Les parties ont été régulièrement averties du jour de l'audience.

Ont été entendus au cours de l'audience publique :

- le rapport de M. B... A...,

- les conclusions de Mme Cécile Cabanne, rapporteure publique,

- et les observations de Me C..., représentant de la SARL Olympe Energie.

Considérant ce qui suit :

1. Le préfet de l'Ariège a, par arrêté du 1er aout 2011, refusé de délivrer à la SARL Olympe Energie l'autorisation de disposer de l'énergie du Fontronne pour la mise en service d'une usine hydro-électrique sur le territoire de la commune d'Axiat (Ariège). Par un jugement n° 1104461 du 5 décembre 2014, le tribunal administratif de Toulouse a annulé cet arrêté et a enjoint au préfet de l'Ariège de solliciter, dans un délai d'un mois, du président du tribunal la désignation d'un commissaire enquêteur aux fins de soumettre le projet à enquête publique. Par un arrêt n° 15BX00459, 15BX00466 du 3 novembre 2015, la cour administrative d'appel de Bordeaux a rejeté le recours par lequel le ministre de l'écologie, du développement durable et de l'énergie a interjeté appel de ce jugement. Au terme d'une enquête publique, qui s'est déroulée du 16 novembre 2015 au 18 décembre 2015, le préfet, par un arrêté du 28 juillet 2016, a, de nouveau, rejeté la demande d'autorisation de la société Olympe Energie.
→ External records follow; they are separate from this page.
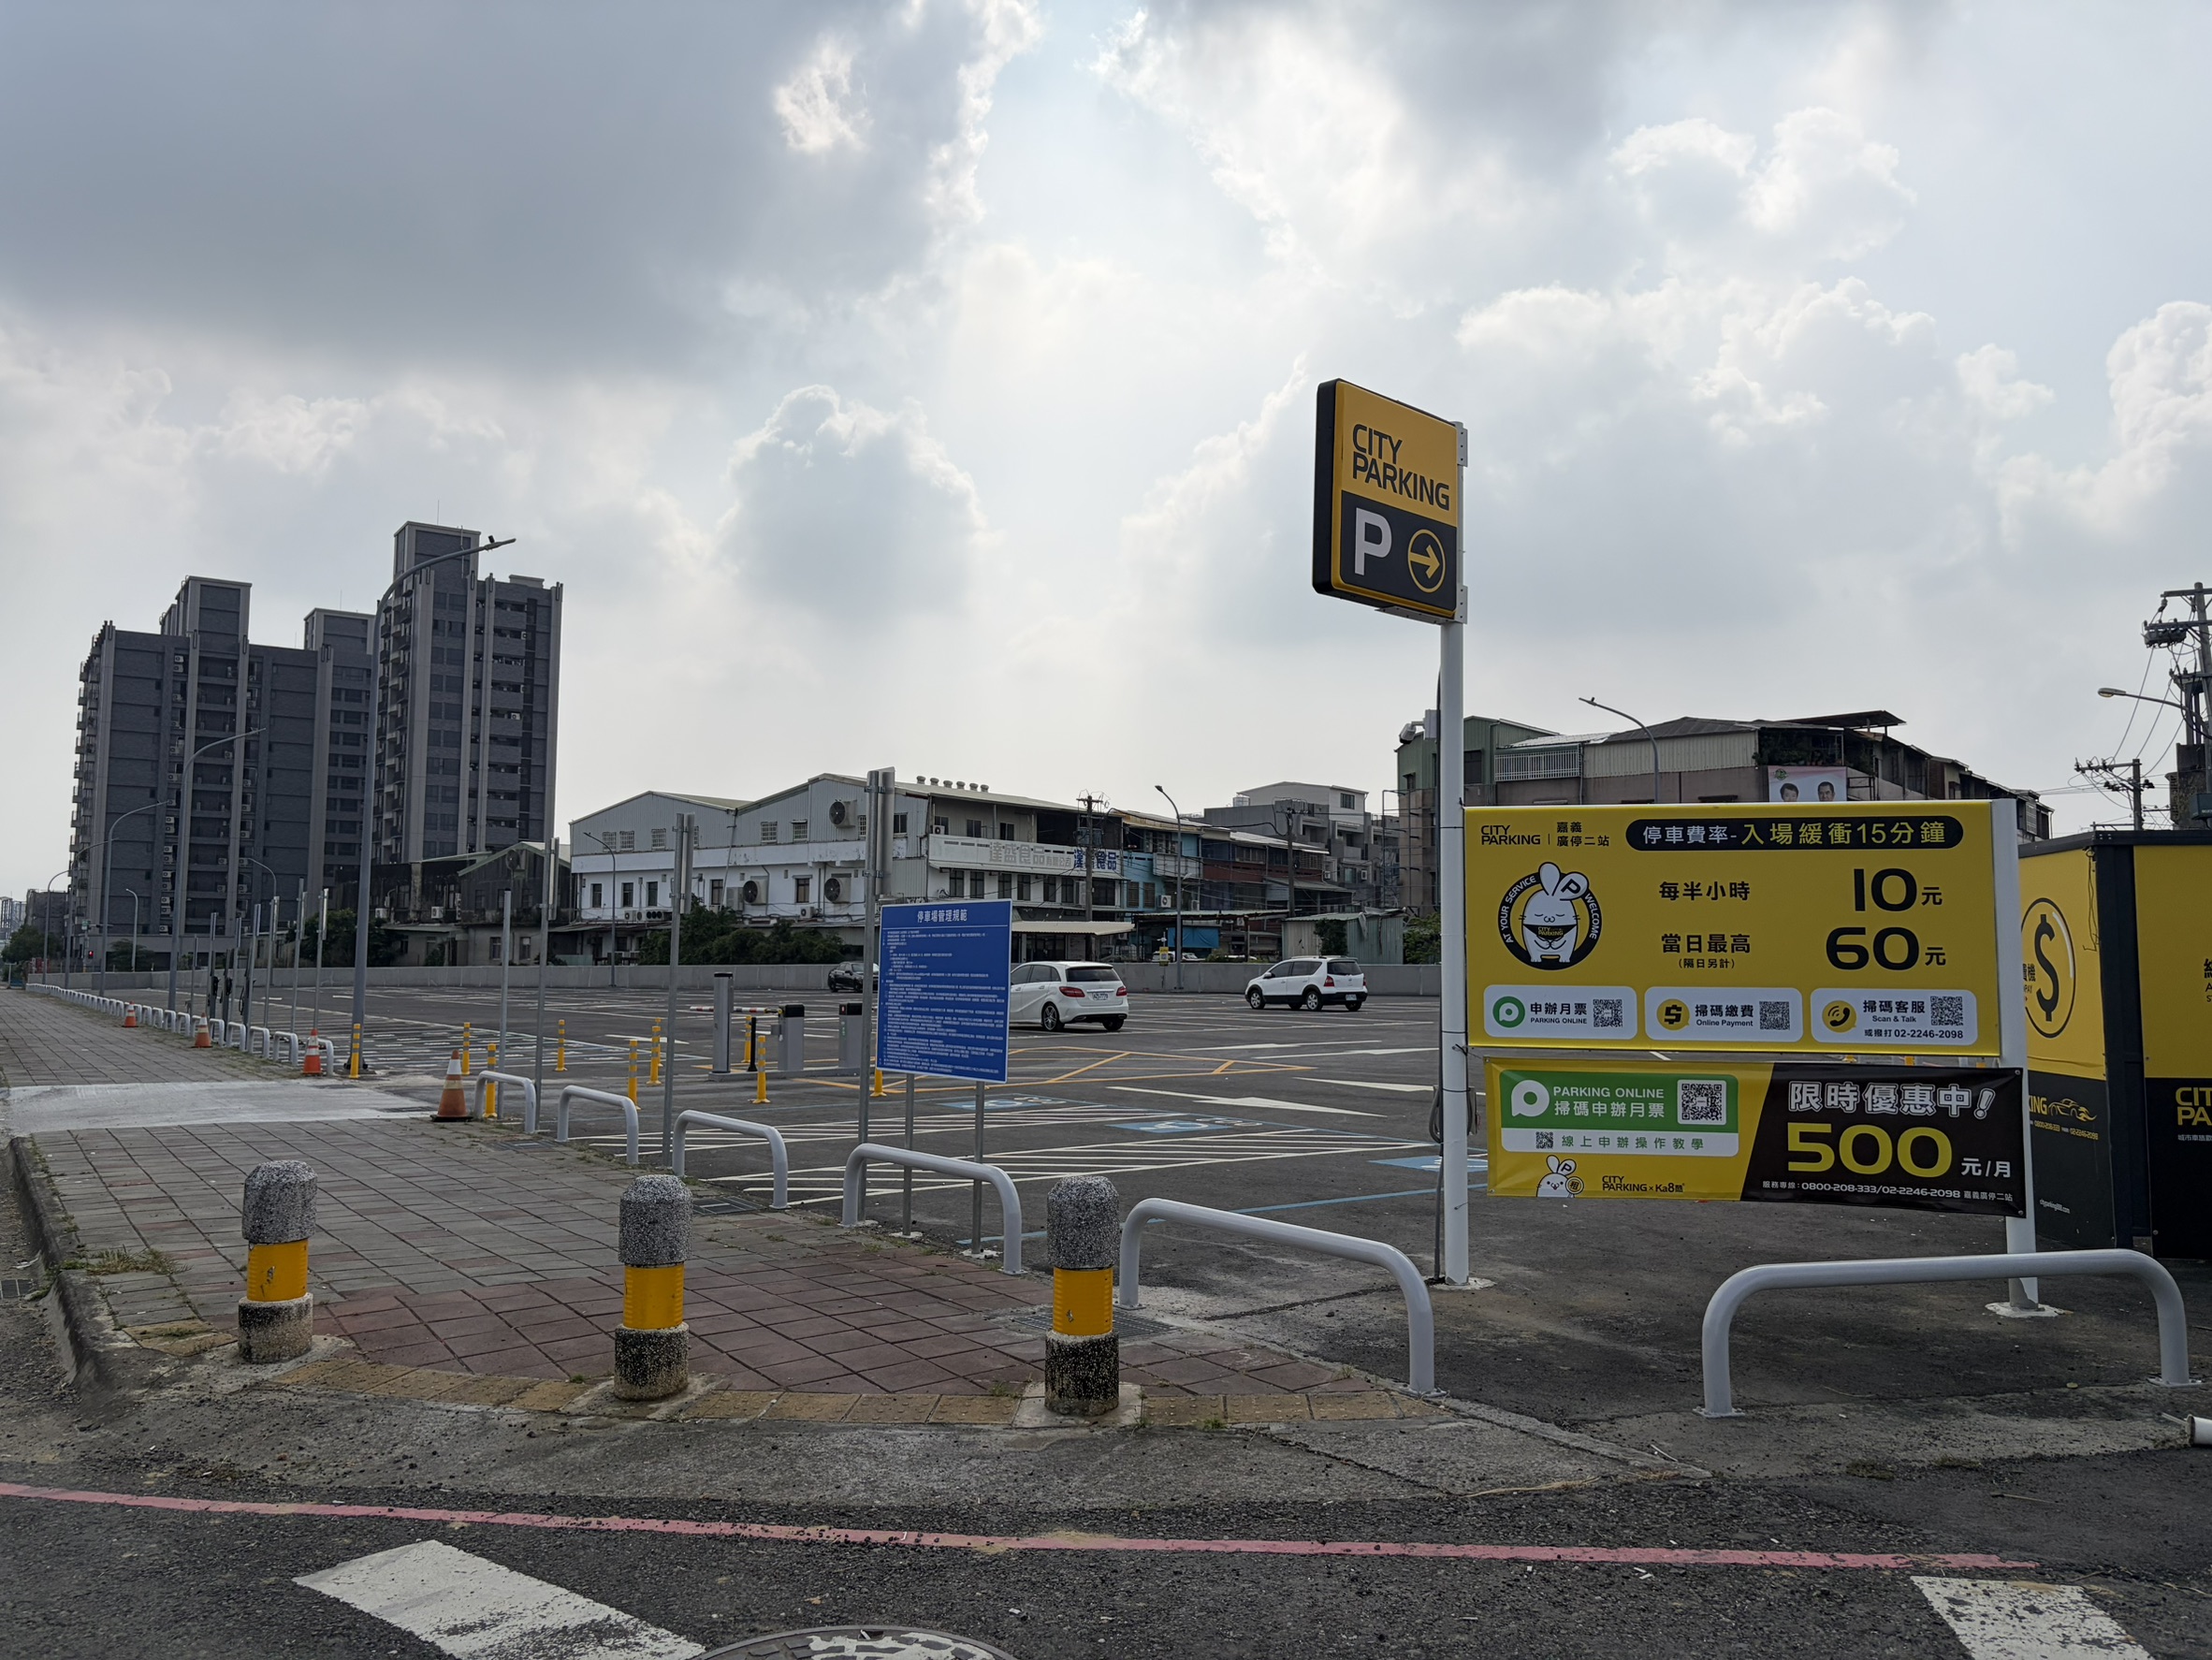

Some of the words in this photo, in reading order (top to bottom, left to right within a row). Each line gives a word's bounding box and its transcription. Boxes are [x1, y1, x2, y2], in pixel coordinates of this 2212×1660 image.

[1352, 424, 1403, 465] CITY
[1352, 450, 1449, 511] PARKING
[1354, 507, 1392, 576] P
[1481, 825, 1511, 835] CITY
[1557, 822, 1582, 833] 嘉義
[1481, 835, 1541, 845] PARKING
[1557, 835, 1609, 847] 廣停二站
[1506, 875, 1536, 904] SERVICE
[1561, 879, 1580, 896] P
[1659, 881, 1751, 901] 每半小時
[917, 909, 968, 924] 停車場管理規範
[1500, 906, 1510, 930] YOUR
[1584, 893, 1600, 939] WELCOME
[1503, 933, 1514, 944] AT
[1661, 933, 1751, 954] 當日最高
[1530, 1002, 1588, 1015] 申辦月票
[1695, 1004, 1754, 1018] 掃碼繳費
[1863, 1000, 1926, 1013] 掃碼客服
[1721, 1019, 1754, 1028] Payment
[1894, 1029, 1963, 1039] 02-2246-2098
[1553, 1086, 1610, 1098] PARKING
[1615, 1087, 1665, 1099] ONLINE
[1554, 1100, 1666, 1118] 掃碼申辦月票
[1561, 1135, 1705, 1150] 線上申辦操作教學
[1787, 1122, 1953, 1177] 500
[1602, 1183, 1648, 1192] PARKING
Le ministre de la transition écologique relève appel du jugement du 22 janvier 2019 par lequel le tribunal administratif de Toulouse a annulé l'arrêté du 28 juillet 2016, a accordé à la SARL Olympe Energie l'autorisation de disposer de l'énergie du cours d'eau du Fontronne pour la mise en service d'une usine hydro-électrique sur le territoire de la commune d'Axiat et a renvoyé cette société devant les services de l'Etat pour la fixation des conditions nécessaires à la protection des intérêts mentionnés à l'article L. 211-1 du code de l'environnement.

Sur l'exception de non-lieu à statuer :

2. Il ressort des termes de l'arrêté du 24 décembre 2019 portant autorisation de disposer de la force motrice du Fontronne que le préfet de l'Ariège prend acte de ce que, par le jugement critiqué, le tribunal administratif de Toulouse a accordé cette autorisation, et se borne, en exécution de l'article 3 de ce même jugement, à fixer les conditions nécessaires à la protection des intérêts mentionnés à l'article L. 211-1 du code de l'environnement. Par suite, la SARL Olympe Energie n'est pas fondée à soutenir qu'il n'y a plus lieu de statuer sur les conclusions par lesquelles le ministre de la transition écologique demande l'annulation du jugement du 22 janvier 2019.

Sur la recevabilité :

3. Aux termes de l'article R. 411-1 du code de justice administrative : " La juridiction est saisie par requête. La requête indique les nom et domicile des parties. Elle contient l'exposé des faits et moyens, ainsi que l'énoncé des conclusions soumises au juge. / L'auteur d'une requête ne contenant l'exposé d'aucun moyen ne peut la régulariser par le dépôt d'un mémoire exposant un ou plusieurs moyens que jusqu'à l'expiration du délai de recours. ".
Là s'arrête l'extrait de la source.